The advice you receive may depend on how you ask for it
DURHAM, N.C. — A patient who can't decide between two available treatments asks his doctor: "What should I do?" Another patient, torn between the same two treatments, asks: "Doctor, what would you do if you were me?"
Will those two patients get the same answer? That question, posed by researchers from Duke University and the University of Michigan in a national survey of physicians, found doctors often recommend different treatments for patients than they would choose for themselves.
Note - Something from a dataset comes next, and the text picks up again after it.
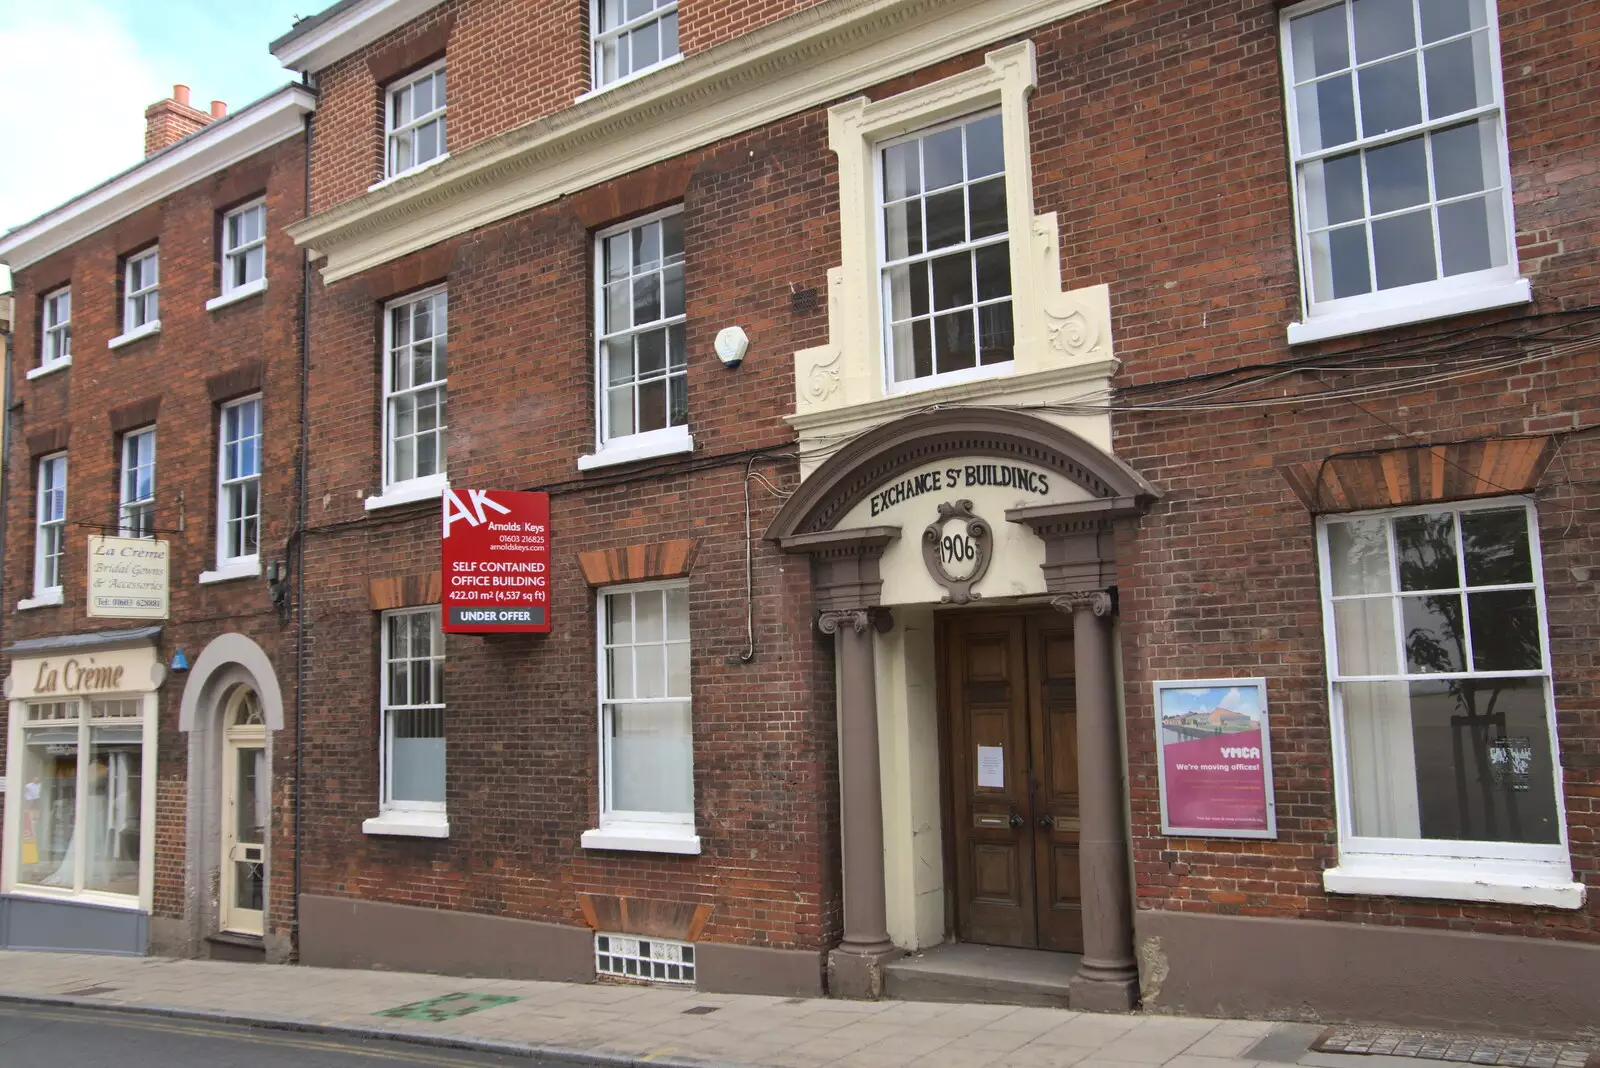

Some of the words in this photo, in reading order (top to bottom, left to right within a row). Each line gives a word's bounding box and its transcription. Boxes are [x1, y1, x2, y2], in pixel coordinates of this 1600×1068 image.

The study, from professor Peter Ubel and post-doctoral associate Andrea Angott of Duke University's Fuqua School of Business and professor Brian Zikmund-Fisher of the University of Michigan, appears in the April 11 edition of the Archives of Internal Medicine. Funding for the study was provided by the American Cancer Society, the National Science Foundation and the National Institutes of Health.
In the study, the researchers conducted a randomized experiment asking some physicians to make a recommendation to a patient seeking advice, while other physicians were asked what they themselves would choose as a patient facing the same health care decision.
Doctors frequently advised patients to pursue treatments with higher rates of side effects and lower mortality rates, while choosing treatments with lower rates of side effects and higher mortality rates for themselves.
"Our research found that people felt living with a colostomy or being paralyzed was better than dying. From that perspective, the 'right' decision is to take the risk of side effects and reduce the chances of dying," Ubel said.
However, emotions brought on by potential significant side effects often push people away from the "right" decision. Doctors — free from the side effects of treatment — can make more objective treatment recommendations to their patients.
"When making recommendations to patients, physicians can push aside any emotions that would lead them astray," Ubel said. "But those emotions may loom large when a doctor is deciding for him or herself. In other words, the act of giving advice to others may reset the balance between emotion and reason."
Ubel noted, "Many physicians are biased by their own backgrounds, valuing things that patients don't necessarily value, or they can even be influenced by financial and professional conflicts of interest that can skew judgment."
As a result, you might not always get the objective advice you seek, Ubel said. "Instead, the advice you get could depend on whether your doctor is thinking about what you should do, or instead thinking about what he or she would do in your situation."